There is no shortage of schedule criticism throughout Indiana's recent history, but this season's non-conference schedule is actually strongest where it matters. At the top.

Brad Penner-USA TODAY Sports

Controversial opinion of the day. Indiana’s non-conference basketball schedule isn’t really that bad. It feels like this topic is discussed ad nauseam and rarely does anyone offer opposition to the fact that Indiana’s schedule is pretty darn soft. Scan the rest of the power conferences and you’ll see your share of cupcakes and creampuffs. But everyone is insistent that IU’s are more numerous. Heck, even Pomeroy says that this year Indiana’s schedule is the fifteenth easiest schedule in the nation. And I wouldn’t argue that those numbers are wrong. What I would argue is those numbers don’t matter.

When we get down to the wire, the NCAA tournament committee (the group that truly matters when discussing strength of schedule) looks at your resume and asks, "well who’d you play?" The question isn’t "well who did you play besides the good teams?" Which is why Indiana has no worries this NCAA season about being snubbed from the tournament because of scheduling.

The Hoosiers when all is said and done will have played 1 top 10 opponent (these are all according to Pomeroy), 4 (to 5) top 50 opponents and 6 top 100 opponents. Who else in the Big Ten can tout that many top 100 opponents? None save Wisconsin and Iowa. In fact, only Kansas, Baylor, NC State, and North Carolina in the top 6 conferences in basketball put together a non-conference schedule that features more than 6 top 100 opponents.  The Hoosiers strength of schedule for who matters is doing just fine.

The selection committee doesn’t really care if you play a team ranked 150 or 351. All of these types of games are played in your home gym despite a few exceptions here or there. In that instance the probability difference between a team fighting for a bubble spot (like Indiana would be today) and a team ranked 150th/351st is 15 percentage points. Playing the 150th team at home is an 84% likely win by 12 points. Playing the 351st (last place team) at home is a 99% win probability with a 21 point victory. Now I wouldn’t say those numbers are negligible but in the real world, if you played the 151st team 7 times of Indiana’s 7 remaining non-top 100 games, IU would likely only come away with 1 extra loss than the almost guaranteed 100% winning record against the worst team. 25% of the time they wouldn’t even lose that.
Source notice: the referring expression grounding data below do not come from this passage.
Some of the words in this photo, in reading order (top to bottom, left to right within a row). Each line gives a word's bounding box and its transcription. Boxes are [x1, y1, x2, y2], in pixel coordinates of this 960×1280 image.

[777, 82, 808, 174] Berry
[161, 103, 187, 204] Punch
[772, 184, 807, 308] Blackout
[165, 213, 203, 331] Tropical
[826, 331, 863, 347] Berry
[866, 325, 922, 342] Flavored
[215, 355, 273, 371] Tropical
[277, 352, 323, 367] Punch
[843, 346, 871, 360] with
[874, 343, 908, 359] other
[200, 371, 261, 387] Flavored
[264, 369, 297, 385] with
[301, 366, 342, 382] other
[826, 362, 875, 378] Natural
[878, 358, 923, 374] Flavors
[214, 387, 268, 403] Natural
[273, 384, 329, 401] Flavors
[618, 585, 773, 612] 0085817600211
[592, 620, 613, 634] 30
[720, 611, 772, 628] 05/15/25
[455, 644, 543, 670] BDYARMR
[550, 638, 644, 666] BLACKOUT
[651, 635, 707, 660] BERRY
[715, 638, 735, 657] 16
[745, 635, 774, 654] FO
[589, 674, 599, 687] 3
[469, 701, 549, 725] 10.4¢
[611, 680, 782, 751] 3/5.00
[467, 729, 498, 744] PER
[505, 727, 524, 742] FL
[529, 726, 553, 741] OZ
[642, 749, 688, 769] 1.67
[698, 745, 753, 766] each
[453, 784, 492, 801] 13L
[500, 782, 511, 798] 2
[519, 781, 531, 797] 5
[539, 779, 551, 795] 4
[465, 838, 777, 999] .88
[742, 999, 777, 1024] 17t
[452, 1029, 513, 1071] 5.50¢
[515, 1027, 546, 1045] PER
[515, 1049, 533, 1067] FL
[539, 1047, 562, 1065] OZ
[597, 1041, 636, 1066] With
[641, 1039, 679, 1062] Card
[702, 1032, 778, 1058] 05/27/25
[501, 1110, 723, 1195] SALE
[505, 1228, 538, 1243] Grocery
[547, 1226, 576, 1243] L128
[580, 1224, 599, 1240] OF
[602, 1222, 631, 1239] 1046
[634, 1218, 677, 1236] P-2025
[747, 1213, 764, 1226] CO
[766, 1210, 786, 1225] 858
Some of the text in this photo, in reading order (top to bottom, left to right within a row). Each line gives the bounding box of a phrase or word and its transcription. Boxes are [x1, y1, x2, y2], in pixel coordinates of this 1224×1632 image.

It just doesn’t really matter in the bigger picture if the teams you play outside of potential tourney teams are just not good or really really bad. No one on the committee says, "yeah, but they played Lamar when they could have been playing Youngstown State." What Indiana can run in front of the committee is an attempt to play similar skilled or better teams throughout the non-conference. Now of course the Hoosiers got a little lucky that the "cupcake" they did lose to appears to be a leading candidate for "mid-major you want nothing to do with in the tournament" but even outside of that they’re going to have at least 4 tournament teams and one weak bubble team as things currently stand on the schedule.

It now comes down to the records. As things stand the Hoosiers are 2-2 against those Strong SoS Six. These final 2 against Butler and Georgetown on neutral floors are crucial. Get wins against both and a .500 record in the Big Ten should easily have them on the good side of the bubble. 1-1 will have them nervous and 0-2 is going to require a scramble to make up ground in conference. To state it plainly, if you don’t want to have to drink during every Big Ten game this year, we have to beat them both.